From a portfolio strategy standpoint, incorporating systemic information through correlation and connectedness-based allocation methods (MCP and MCoP) yielded superior performance compared to traditional variance-minimization techniques. While DAI was favored in the Minimum Variance Portfolio for its low volatility, its hedging effectiveness was significantly diminished in strategies prioritizing interdependence. Instead, assets such as UNI and MKR demonstrated substantial diversification value under connectedness-aware frameworks, suggesting that they can serve as effective components for risk mitigation in structurally complex crypto portfolios.
These findings carry important implications for investors, regulators, and DeFi protocol designers.

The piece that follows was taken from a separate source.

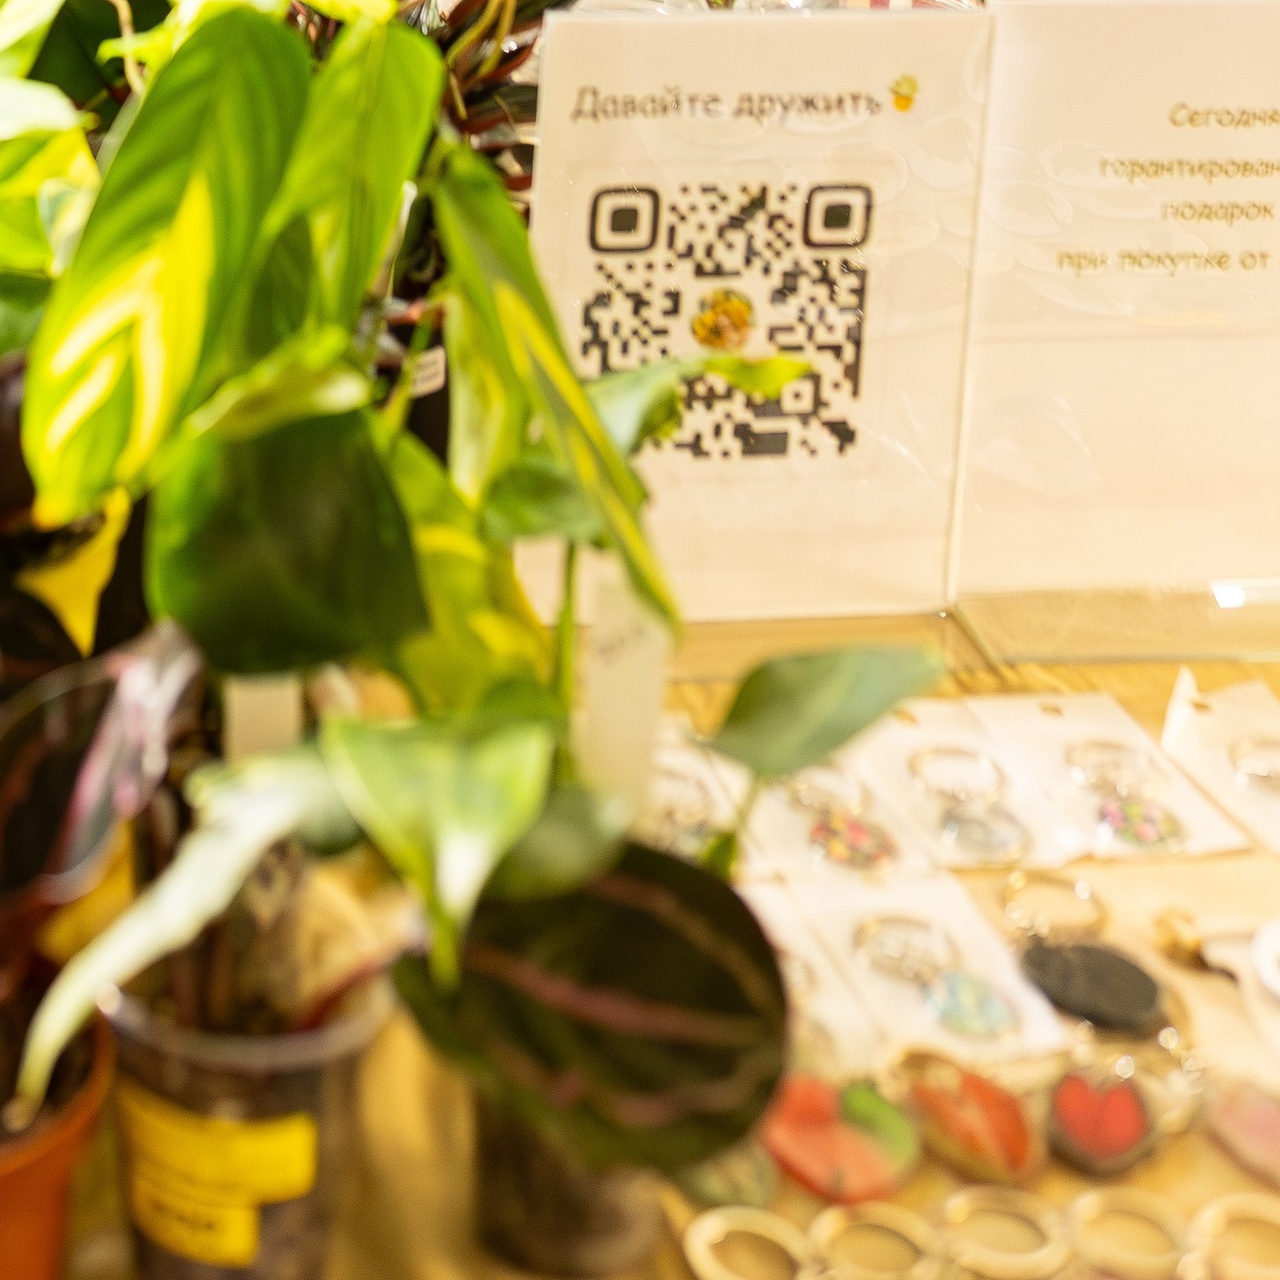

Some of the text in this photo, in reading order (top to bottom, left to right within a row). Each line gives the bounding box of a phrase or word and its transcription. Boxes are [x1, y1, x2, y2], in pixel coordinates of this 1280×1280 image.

[570, 83, 883, 126] Давайте дружить
[1161, 201, 1274, 227] подарок
[1055, 250, 1269, 278] при покупке от

For crypto asset managers and institutional investors, portfolio construction should go beyond conventional risk-return tradeoffs and account for the growing systemic roles of digital assets. Incorporating dynamic connectedness measures allows for greater resilience during episodes of contagion, offering a framework that is better suited to the non-linear and event-driven nature of crypto markets. For policymakers, the results highlight the necessity of differentiated regulatory oversight that reflects each asset’s function within the financial architecture. Assets like MKR, which exert outsized influence through governance channels, warrant particular attention. Similarly, the defensive role of stablecoins demonstrates the importance of transparent reserve mechanisms and robust algorithmic design to preserve market confidence. Finally, for developers and DeFi protocol architects, the systemic behavior of governance tokens and their impact on network stability calls for continued innovation in collateral management, risk control, and cross-protocol coordination.
While this study provides valuable insights into the systemic connectedness and strategic allocation in crypto markets, it is subject to certain limitations. The analysis focused on a selected set of five representative cryptocurrencies, which, although diverse in function, may not capture the full complexity of the broader digital asset ecosystem, including emerging sectors such as NFTs, liquid staking tokens, or real-world asset (RWA)-linked protocols. Additionally, the TVP-VAR model assumes linear interdependencies, which may not fully reflect the non-linear or regime-switching dynamics often observed during extreme market conditions. Future research could expand the asset universe, incorporate macro-financial linkages, or apply machine learning and non-parametric models to capture tail-risk dynamics more effectively. Examining the impact of regulatory announcements, cross-border capital flows, or blockchain-specific developments on connectedness patterns could be promising avenues for further exploration.